_Activity_
Go over the data below and say how many lines hold the word "words". Only the number is needed.

_Data listing_
━━━━━━

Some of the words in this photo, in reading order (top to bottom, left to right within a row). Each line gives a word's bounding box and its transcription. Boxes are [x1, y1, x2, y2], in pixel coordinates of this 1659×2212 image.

━━━━━━

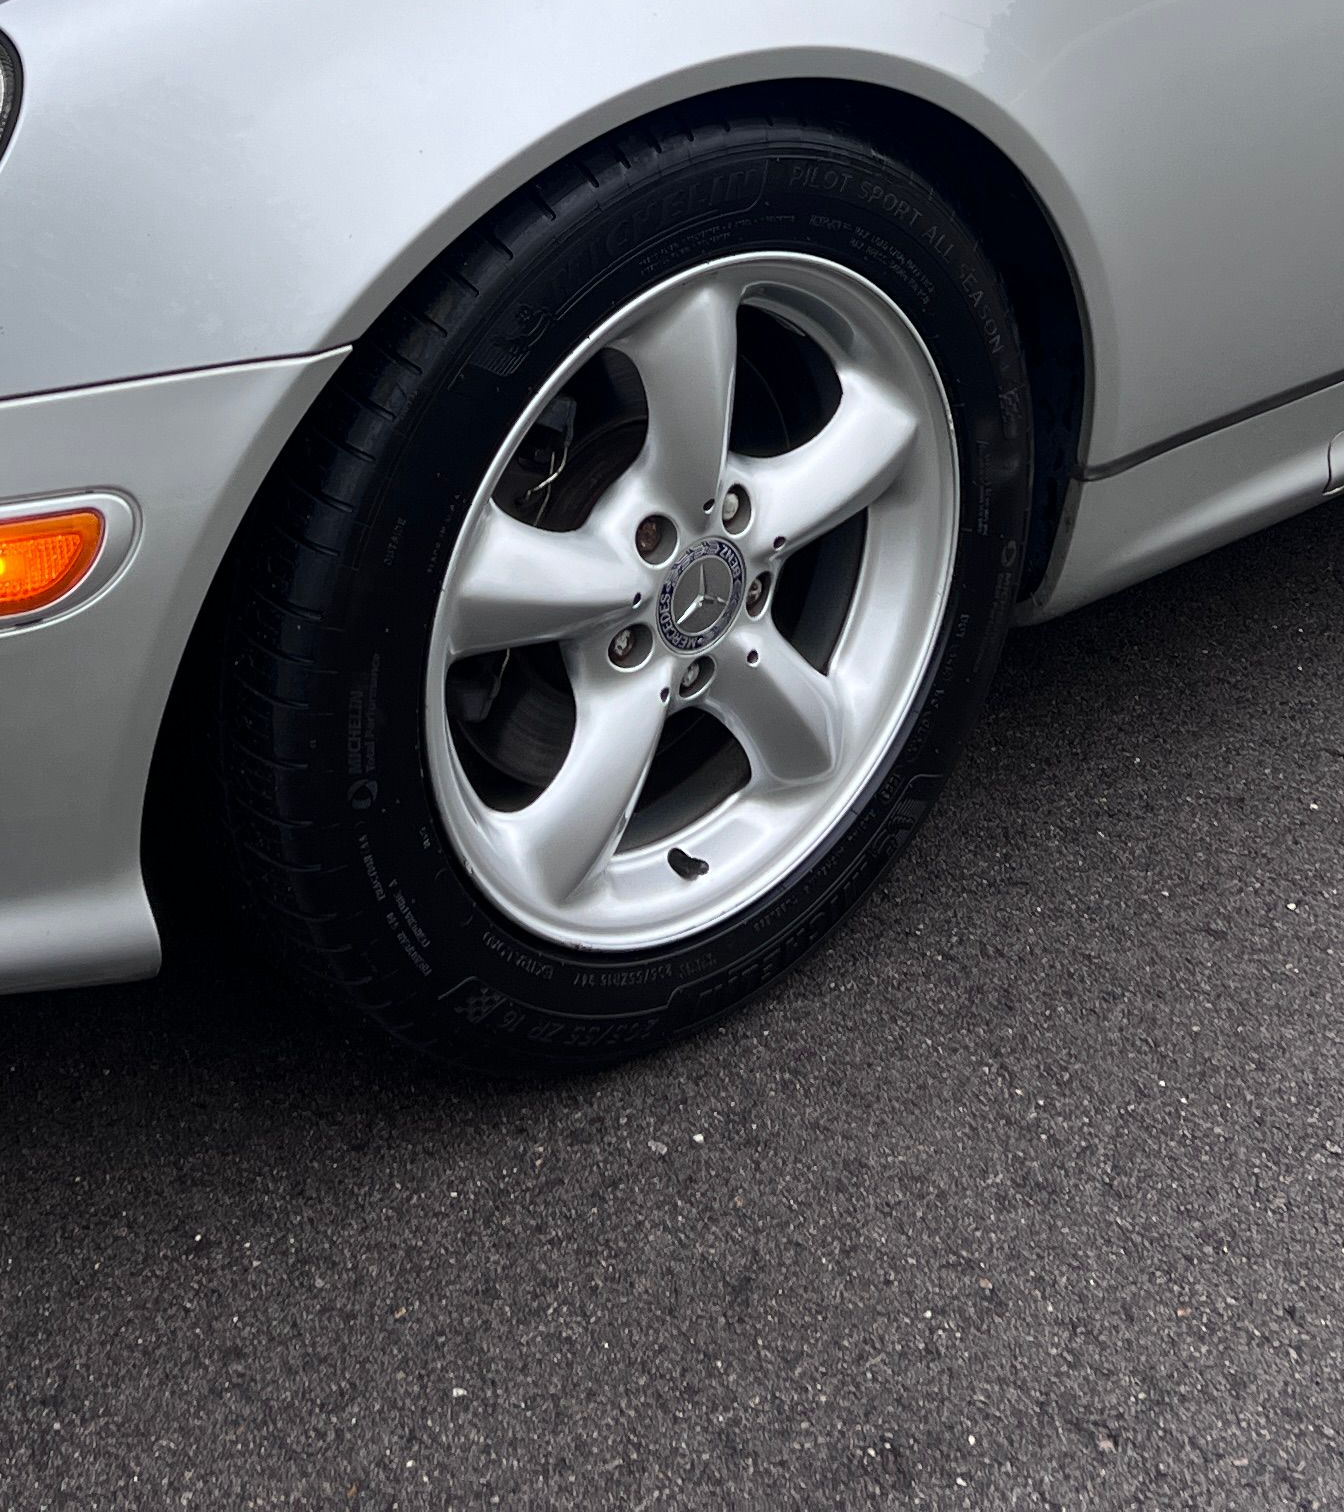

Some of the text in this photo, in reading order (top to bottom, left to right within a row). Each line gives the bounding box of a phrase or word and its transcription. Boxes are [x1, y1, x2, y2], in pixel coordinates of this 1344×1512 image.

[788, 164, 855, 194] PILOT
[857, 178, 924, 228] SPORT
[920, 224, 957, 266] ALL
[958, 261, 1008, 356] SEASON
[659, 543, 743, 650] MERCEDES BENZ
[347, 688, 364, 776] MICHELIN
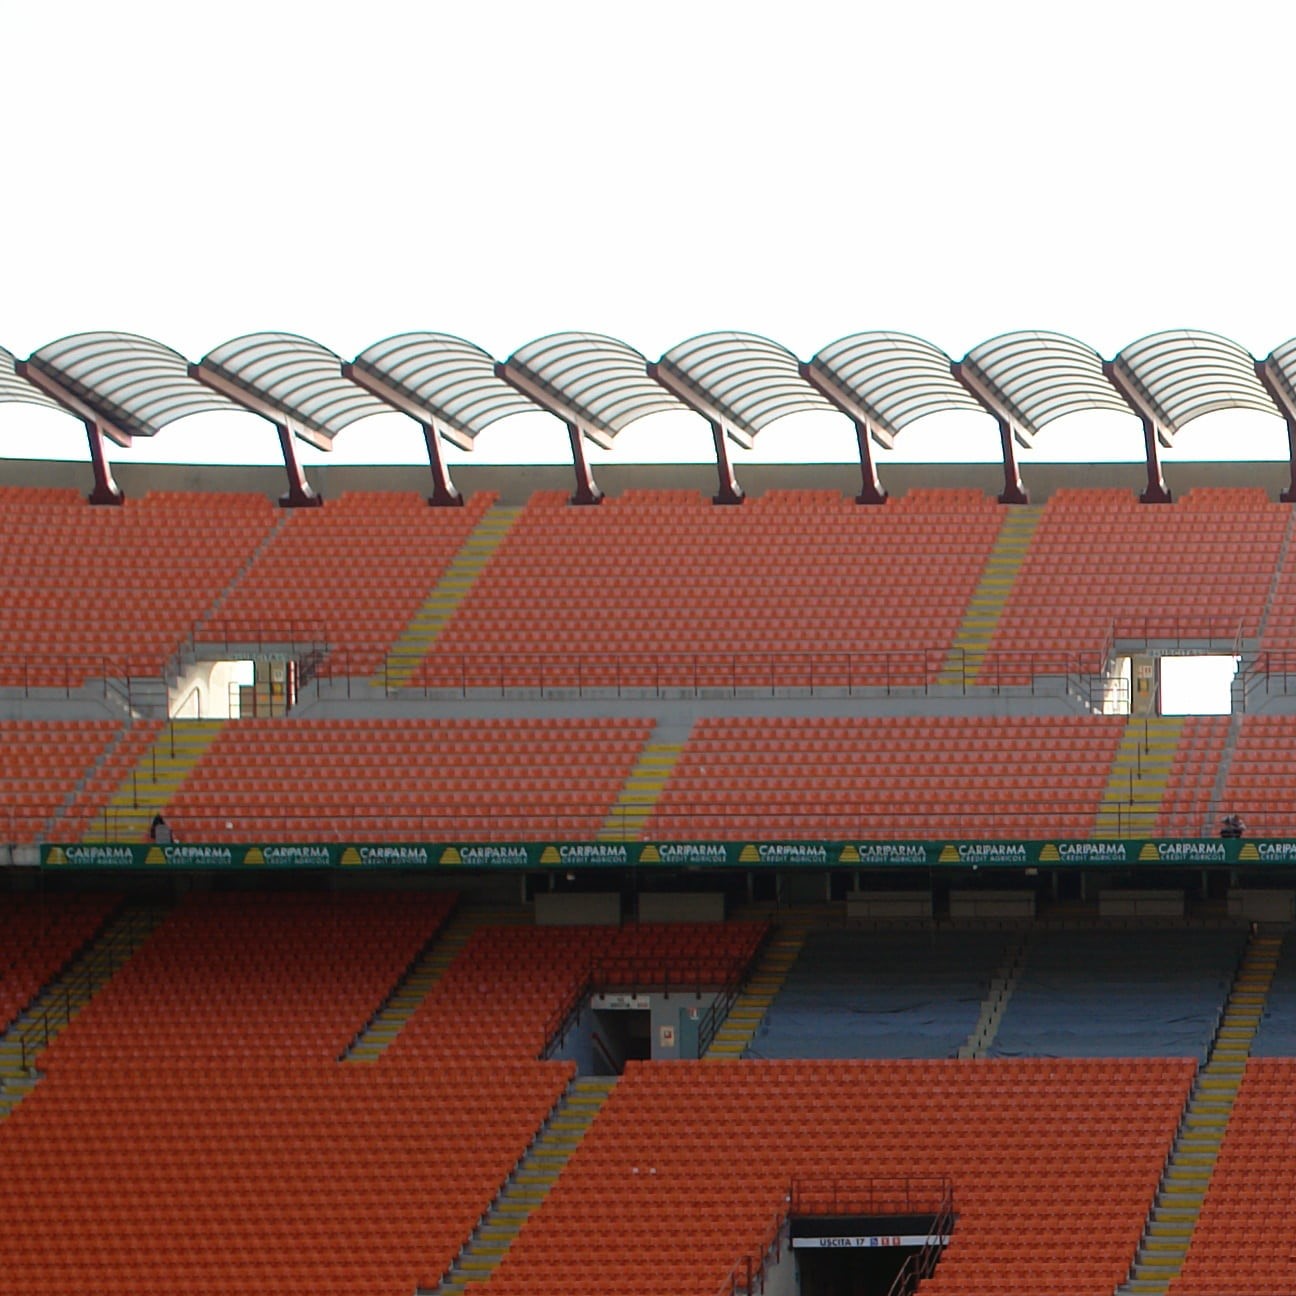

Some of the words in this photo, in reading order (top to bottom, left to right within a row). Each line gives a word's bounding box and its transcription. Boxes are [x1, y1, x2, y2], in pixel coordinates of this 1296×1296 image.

━━━━━━

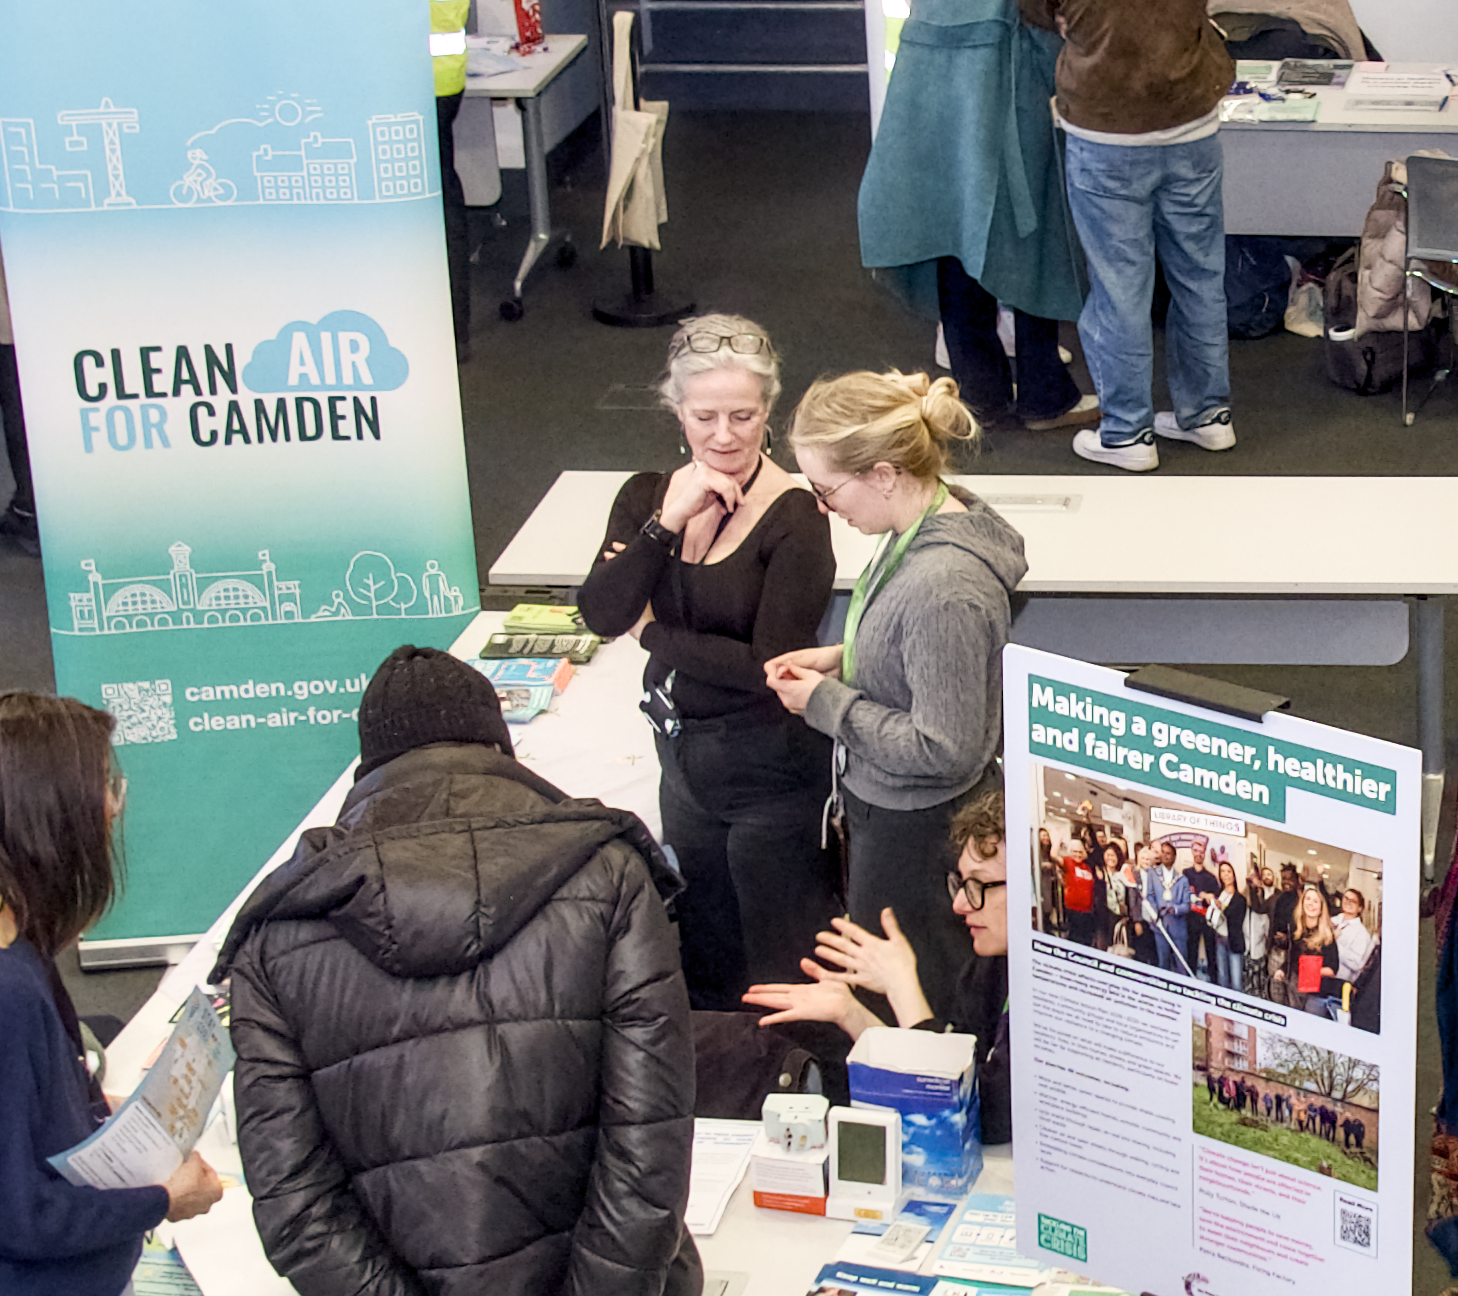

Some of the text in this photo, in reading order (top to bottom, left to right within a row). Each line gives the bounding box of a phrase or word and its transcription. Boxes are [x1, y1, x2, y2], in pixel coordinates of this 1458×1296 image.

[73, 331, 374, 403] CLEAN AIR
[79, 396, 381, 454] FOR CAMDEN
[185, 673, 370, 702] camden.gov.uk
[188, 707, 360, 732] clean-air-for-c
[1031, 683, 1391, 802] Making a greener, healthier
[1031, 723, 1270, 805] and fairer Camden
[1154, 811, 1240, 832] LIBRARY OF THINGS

━━━━━━

_Task response_
2